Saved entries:
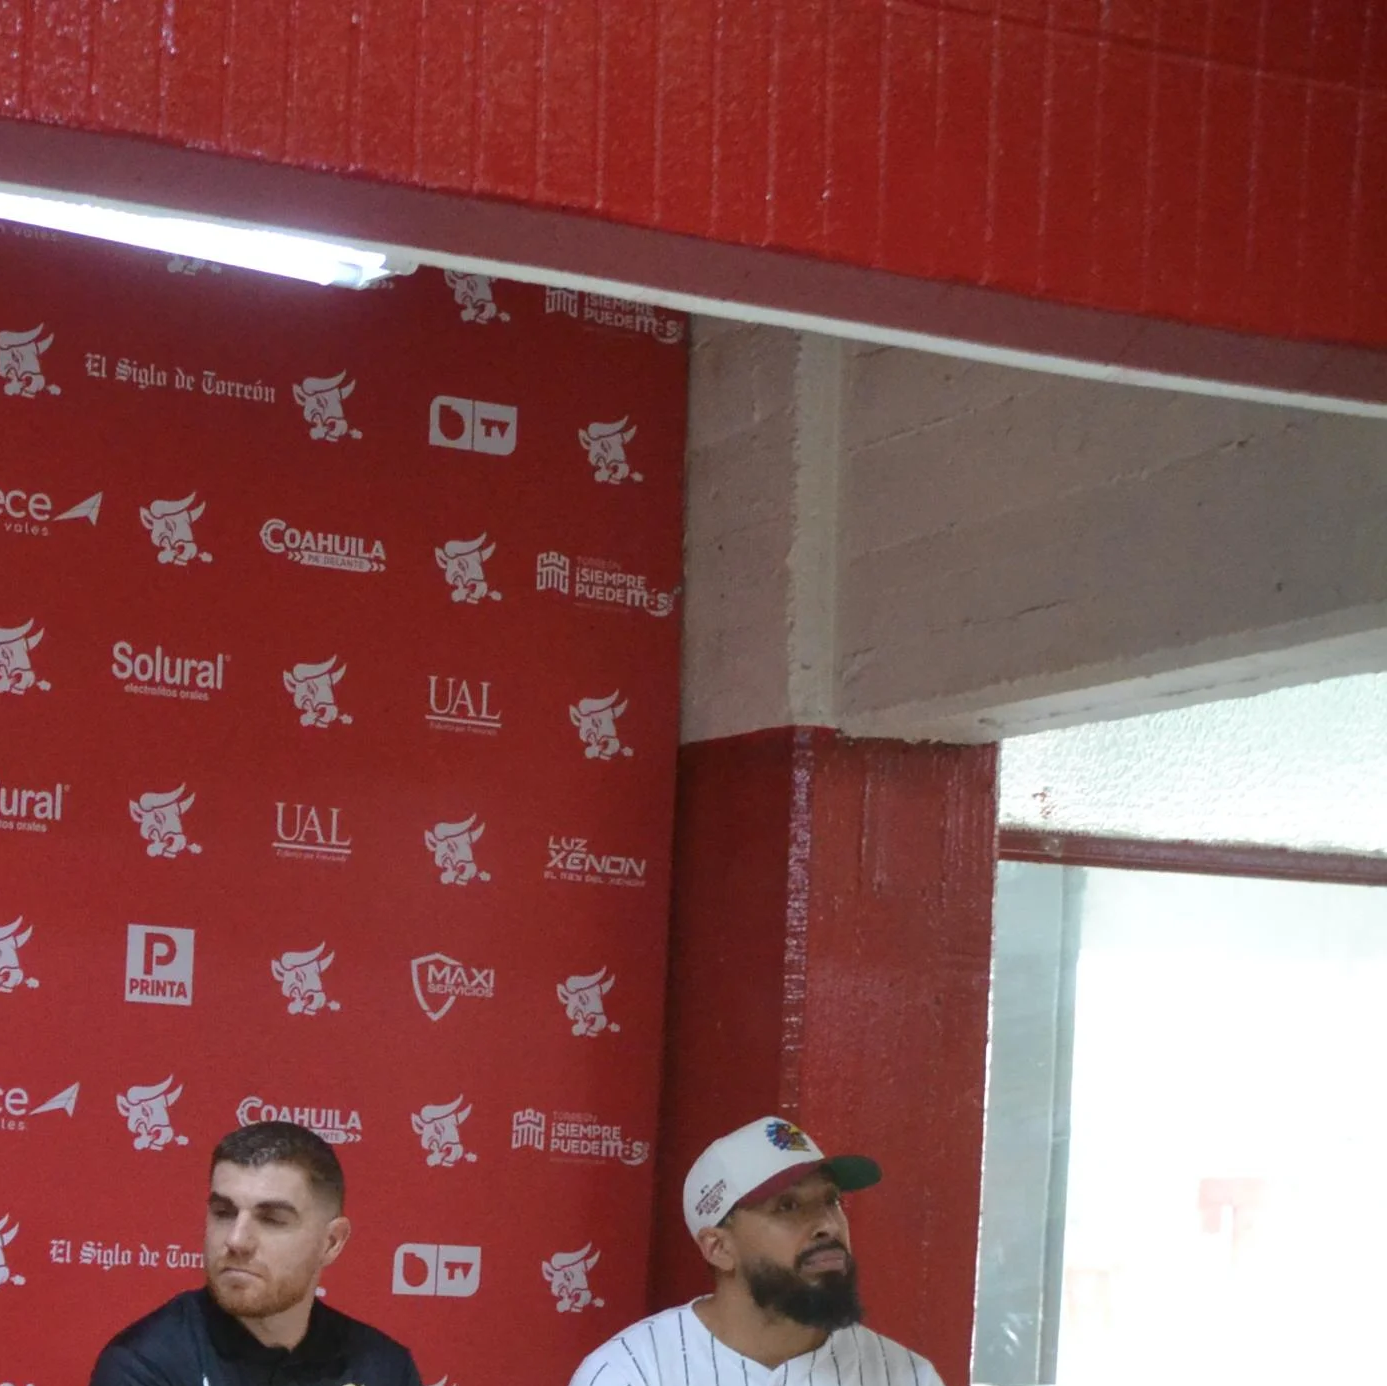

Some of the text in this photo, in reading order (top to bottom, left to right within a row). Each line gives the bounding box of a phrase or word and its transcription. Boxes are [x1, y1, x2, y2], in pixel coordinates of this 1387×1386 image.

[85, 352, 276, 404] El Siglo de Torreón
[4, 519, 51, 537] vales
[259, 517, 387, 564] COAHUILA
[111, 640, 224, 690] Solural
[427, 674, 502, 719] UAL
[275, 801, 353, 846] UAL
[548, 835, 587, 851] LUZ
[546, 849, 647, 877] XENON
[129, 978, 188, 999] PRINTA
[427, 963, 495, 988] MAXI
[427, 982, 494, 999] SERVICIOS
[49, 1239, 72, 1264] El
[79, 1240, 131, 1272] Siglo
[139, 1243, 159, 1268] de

→ **What is expected**
Although the entries contain pictures, reproduce only the rest, exactly as written.

→ **Solution for this task**
Some of the text in this photo, in reading order (top to bottom, left to right within a row). Each line gives the bounding box of a phrase or word and its transcription. Boxes are [x1, y1, x2, y2], in pixel coordinates of this 1387×1386 image.

[85, 352, 276, 404] El Siglo de Torreón
[4, 519, 51, 537] vales
[259, 517, 387, 564] COAHUILA
[111, 640, 224, 690] Solural
[427, 674, 502, 719] UAL
[275, 801, 353, 846] UAL
[548, 835, 587, 851] LUZ
[546, 849, 647, 877] XENON
[129, 978, 188, 999] PRINTA
[427, 963, 495, 988] MAXI
[427, 982, 494, 999] SERVICIOS
[49, 1239, 72, 1264] El
[79, 1240, 131, 1272] Siglo
[139, 1243, 159, 1268] de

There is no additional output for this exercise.